Idyllic. But idyllic no more. Now, the ponies and deer are gone. A great berm protects the shoreline, barring the sea from miles and miles of giant 5-10 bedroom houses built shoulder-to-shoulder across the banks, facing the sound on one side and the sea on the other, covering the dunes, looking like a Levittown on steroids.

A forlorn sign along the highway now running the length of the banks attracted my attention on this year’s trip. “Stop Building Mini-Hotels.” 

A vain hope there, but here?

Something like such out-of-control, ugly growth couldn’t happen here. Could it? Places like the Front Range, Boise or Missoula or Bozeman, yes. But here?

The Land Use Plan contractors tell us that the one-acre zoning now allowed in the Cody-Powell corridor could permit almost 500,000 houses. At 2-plus people per house that’s over a million new people in the valley.

We know the process is already underway. Houses are springing up everywhere you look, while the county commissioner’s agenda (see the county website) keeps adding more subdivision approvals. Like, often, three or four per meeting. Here’s a sample from last week:

Park County Planning & Zoning Re: Public Hearing: Gillett North MS-66 Sketch Plan; Re: Diamond View Ranch SUP-240; Re: Merit Energy SUP-242; Re: MW SS-293 Corrected Final Plat.

That’s just one meeting.

Worse, growth projections of .60% per year in the next 20 years are probably horribly underestimated, as they don’t adjust for things like Covid and global warming, economic deprivation, a south-to-north population shift, and all the other developments forcing people out of their homes and sending them looking for a nice, welcoming places to settle.
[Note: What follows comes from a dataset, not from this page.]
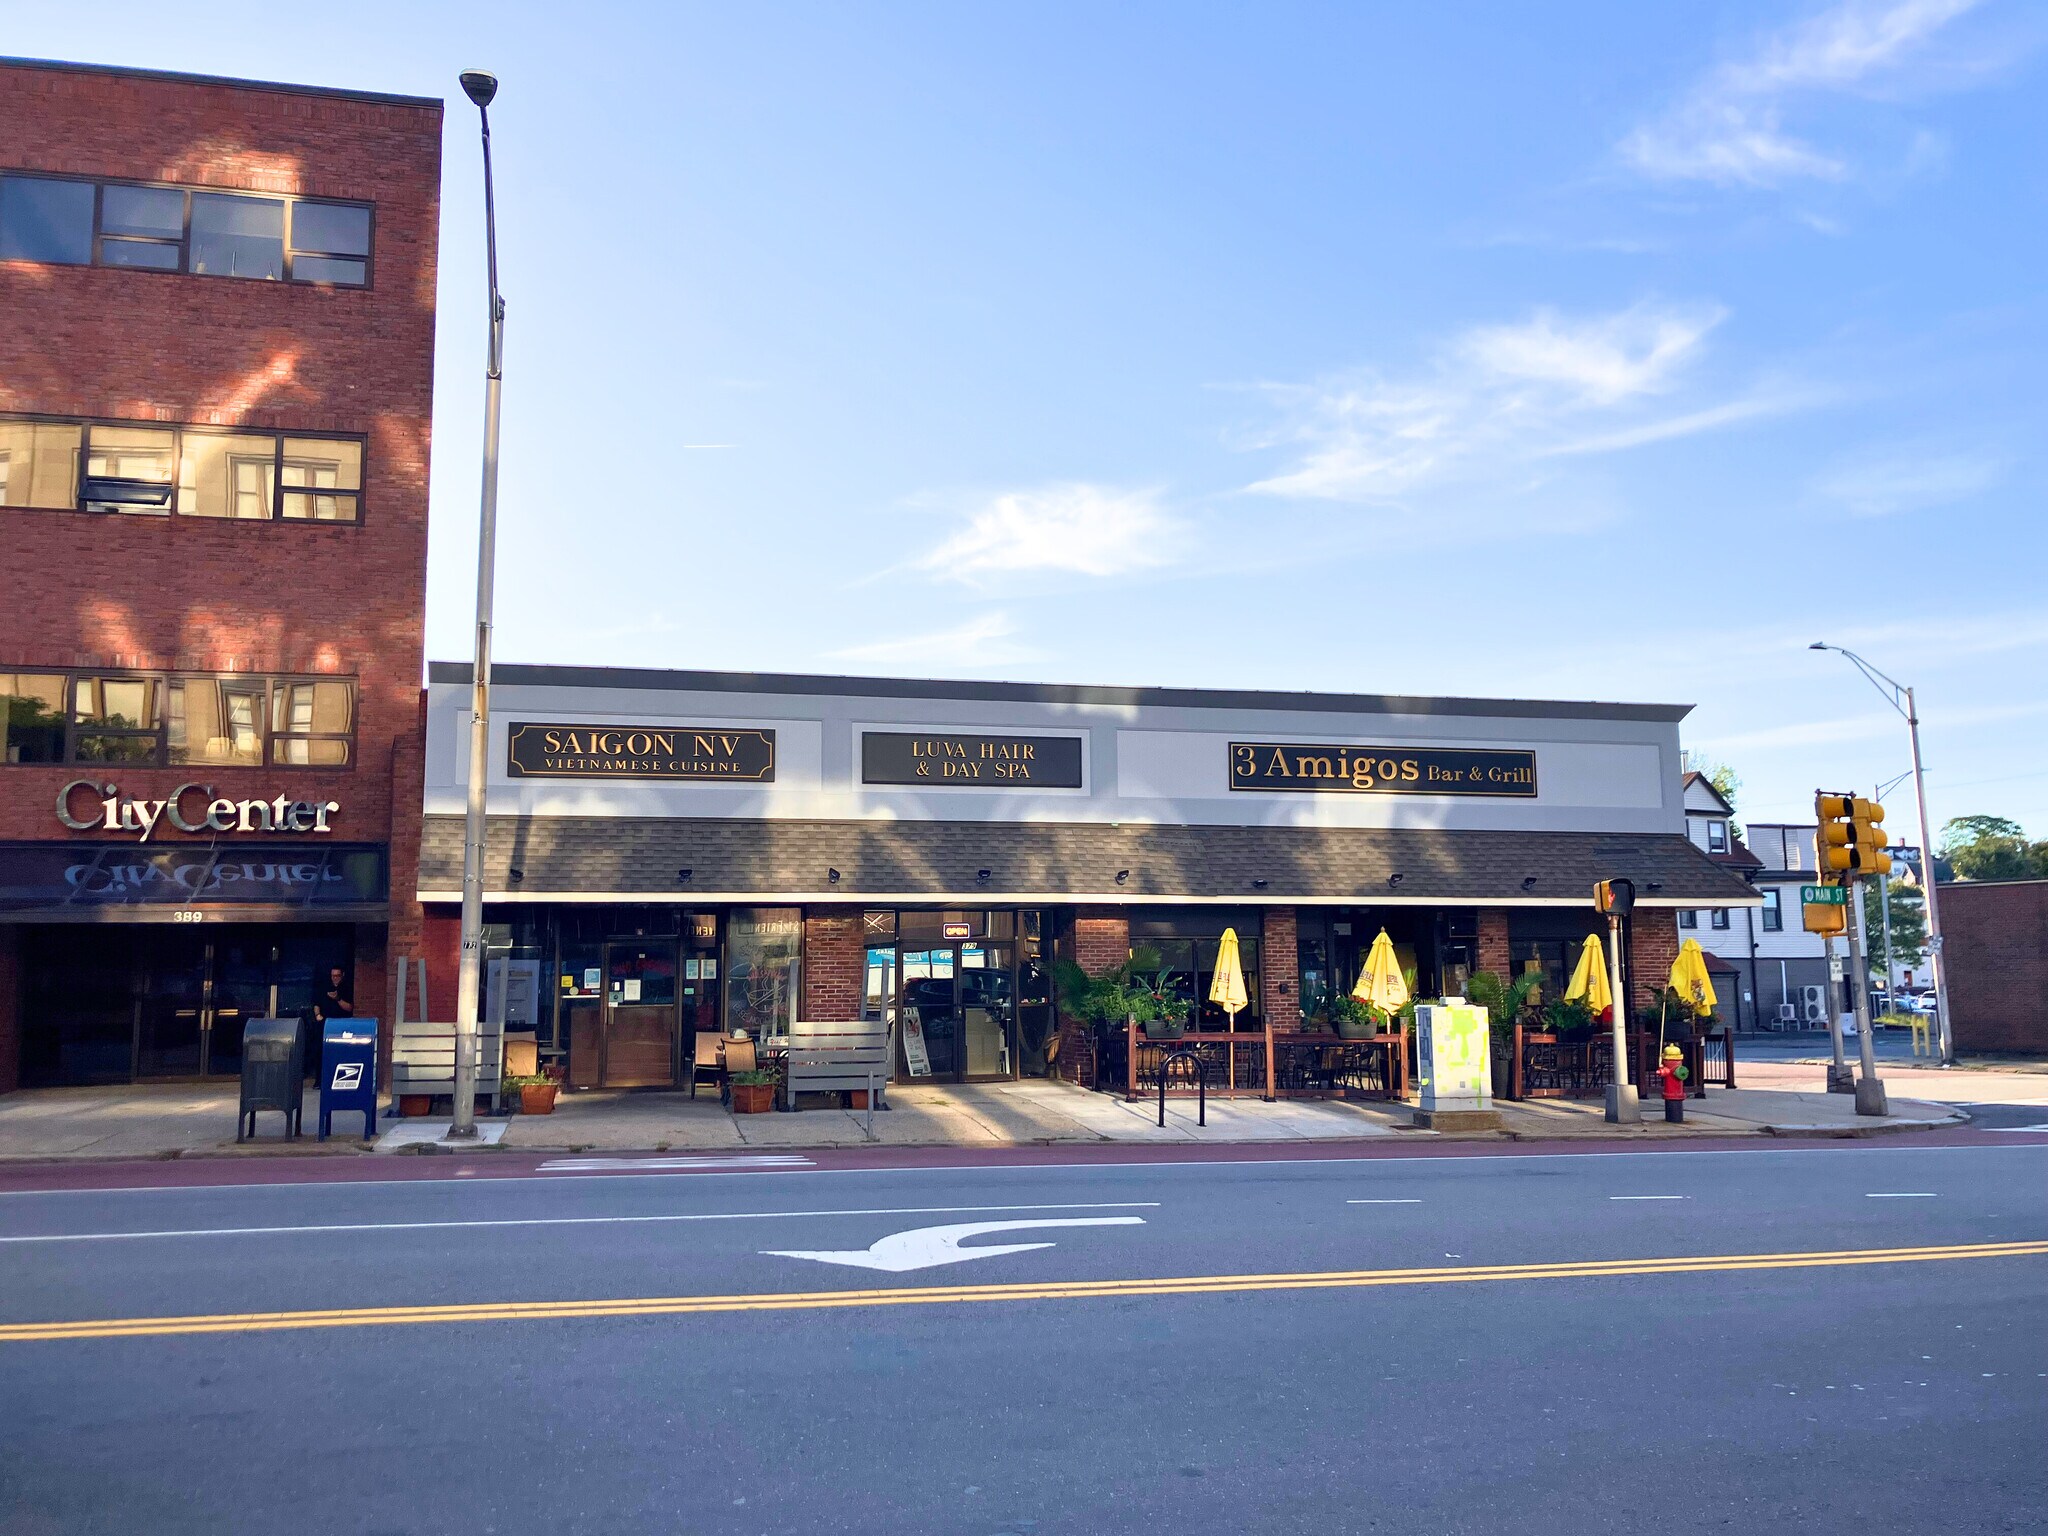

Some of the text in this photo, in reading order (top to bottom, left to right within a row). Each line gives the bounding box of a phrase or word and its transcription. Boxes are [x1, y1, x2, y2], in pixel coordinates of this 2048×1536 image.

Let’s face it. We’re a nice, welcoming place ... I don’t have to tell you that!

The planning process now underway, therefore, becomes critical and something that should concern everyone because, even if you don’t care about maintaining our lifestyle or our agricultural lands, you should care about what all those new people will take from your pocket.

Here’s the catch-22. New people seldom provide a net addition to our economy. Instead, their demand for public services costs us. 

How much? Well, right now each work-at-home household adds $23,000 in uncompensated costs for services to Wyoming state and local governments or $2,35 million/year (according to WyoFile) per 100 households while the mineral wealth that has paid the deficit is going away.

How long can we sustain our share of that size of budget drain in Park County?

Which is just for starters. The $23,000 public service cost figure does not include a local add-on: water to rural households. 

Worse, the land use planners just assume that water in the Buffalo Bill Reservoir will never be diverted away from us and that our Shoshone Pipeline and Northwest Rural Water can be built out to service what they’ve identified as suitable land for development (current farmland). 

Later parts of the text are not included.